Last night, comedian Quincy Jones opened his heart to HBO viewers with “Quincy Jones: Burning the Light,” a one-hour special about his personal battle with mesothelioma.
“There is no cancer when I am on that stage,” the 31-year-old told the audience at the Teragram Ballroom in Los Angeles. “It is only me telling my jokes. You can deal with the cancer before and you can deal with it after. But on that stage, I’m cancer-free.”
After months of raising awareness about mesothelioma, Jones’s dream finally came true with a giant thank you to “The Ellen DeGeneres Show,” a Kickstarter fundraising campaign and HBO for making it happen.
Mixing Mesothelioma with Laughter
“You know the reason that we are doing this [HBO special] is because I had a dream of making a stand-up special, and so we set a meager goal of 5,000, all right?” Jones told the audience. “And because of your guys’ love and support and the comedy community, we blew past that, and we went to $50,000.”
In his special, Quincy poked fun about his own diagnosis and his treatment — after all, comedy is his life.
“So last year I was sick, and I didn’t have health insurance, so I did what everyone else does. I did WebMD, and I self-diagnosed myself,” he said. “I thought it was celiac disease, and let me tell how you relieved I am to find out it is cancer — I can eat regular pasta again!”

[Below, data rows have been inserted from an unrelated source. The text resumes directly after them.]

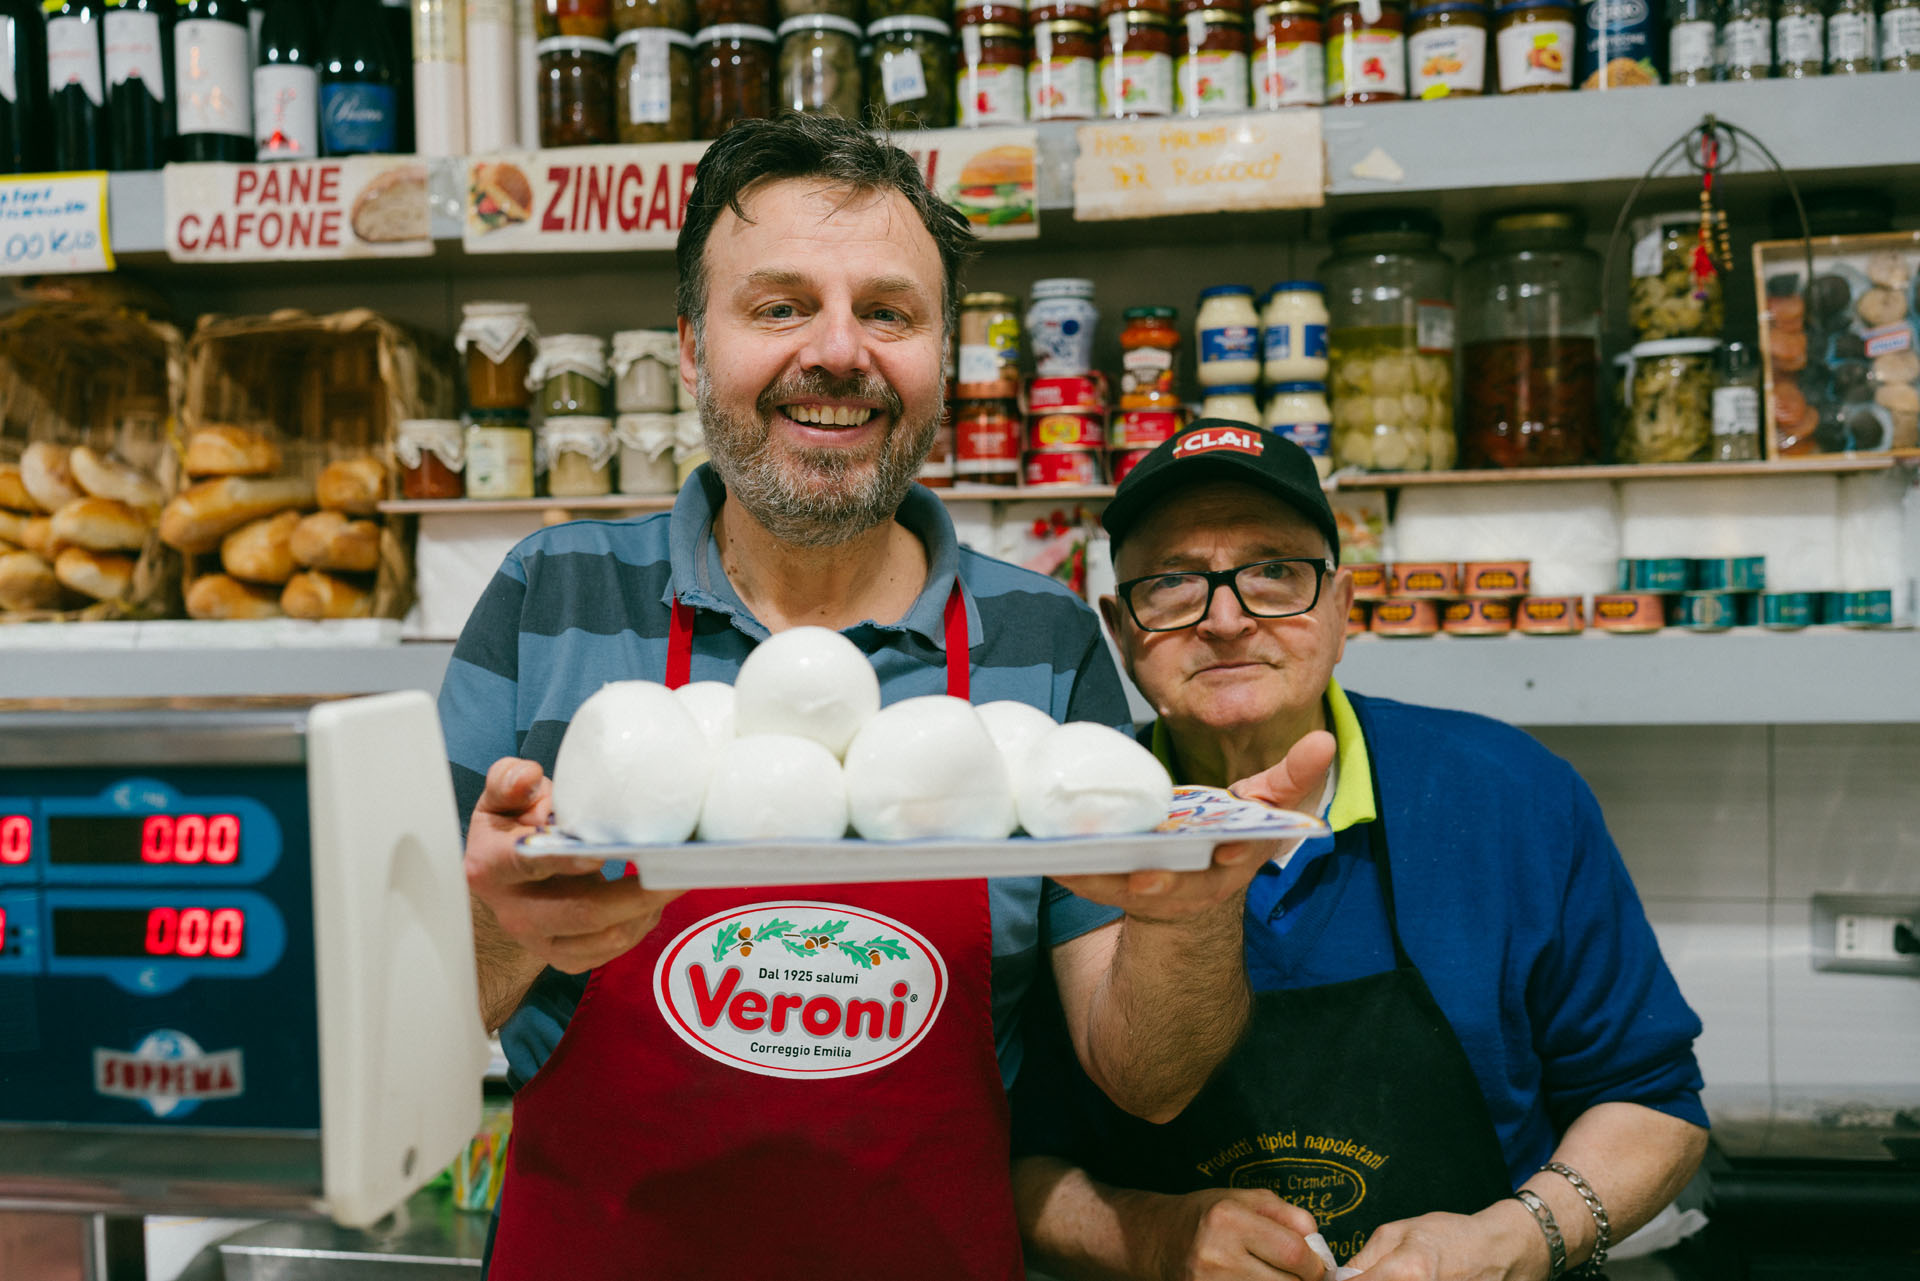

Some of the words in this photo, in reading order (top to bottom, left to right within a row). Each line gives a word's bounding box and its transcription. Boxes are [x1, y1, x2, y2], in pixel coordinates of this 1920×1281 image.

[235, 167, 341, 205] PANE
[541, 163, 698, 232] ZINGAR
[178, 211, 342, 251] CAFONE
[1184, 431, 1250, 451] CLAI
[758, 967, 780, 980] Dal
[784, 969, 813, 982] 1925
[816, 971, 859, 985] salumi
[687, 963, 909, 1041] Veroni
[750, 1042, 811, 1058] Correggio
[814, 1045, 852, 1058] Emilia
[1196, 1137, 1253, 1177] Prodotti
[1256, 1130, 1297, 1154] tipici
[1303, 1134, 1390, 1171] napoletani
[1288, 1170, 1346, 1190] Cremeria

He also equated his mood swings to pregnancy.
“Going through chemo, I realize it’s the closest thing a man could get to relating to a woman going through pregnancy,” he said. “I have the same mood swings, the same food cravings, same nonsensible logic that they have when they go through it.”
Tackling the Unexpected
When Jones was diagnosed with stage IV peritoneal mesothelioma, it didn’t end his dreams. For the young comedian, the diagnosis was simply fuel for kicking his goals and aspirations into overdrive.
But his schedule changed.
In an exclusive interview with Asbestos.com in April, Jones explained some of the background behind his diagnosis and HBO special.

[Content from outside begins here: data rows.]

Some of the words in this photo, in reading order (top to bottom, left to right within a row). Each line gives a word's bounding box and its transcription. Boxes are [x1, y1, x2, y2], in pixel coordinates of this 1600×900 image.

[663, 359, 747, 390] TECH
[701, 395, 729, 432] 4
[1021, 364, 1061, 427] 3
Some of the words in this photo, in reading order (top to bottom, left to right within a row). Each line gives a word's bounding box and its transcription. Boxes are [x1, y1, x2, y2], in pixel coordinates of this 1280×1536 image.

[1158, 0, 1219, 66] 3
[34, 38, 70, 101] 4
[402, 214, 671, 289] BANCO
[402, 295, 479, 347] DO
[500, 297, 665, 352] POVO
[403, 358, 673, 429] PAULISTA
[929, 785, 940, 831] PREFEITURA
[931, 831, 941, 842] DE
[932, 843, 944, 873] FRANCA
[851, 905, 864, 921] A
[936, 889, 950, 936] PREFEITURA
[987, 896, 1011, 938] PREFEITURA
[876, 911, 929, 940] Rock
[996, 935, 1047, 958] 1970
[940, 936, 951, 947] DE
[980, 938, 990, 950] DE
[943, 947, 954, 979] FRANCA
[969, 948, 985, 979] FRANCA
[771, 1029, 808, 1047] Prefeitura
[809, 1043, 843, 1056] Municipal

“When I got diagnosed with cancer, they gave me a prognosis of a year,” Jones told Asbestos.com.
What do you do when you’re told you may only have a year to live? How do you react? For Jones, his response was two-fold. First, he reminded himself and everyone around him he wasn’t only going to live a year. Second, he decided he needed to leave behind a legacy of laughter.
In fact, he laughed about his mortality and relationships with the audience during his special.
“I got cancer. So how do you drop that into an OkCupid [dating] conversation?” he asked. “Then we meet up, and I have to ask a girl: ‘Define a long-term relationship.'”
Jones said his “Burning the Light” special is dedicated to anyone diagnosed with cancer or those who have lost a loved one to the often deadly disease.
“I want to tell people that you have to continue living your life,” he said.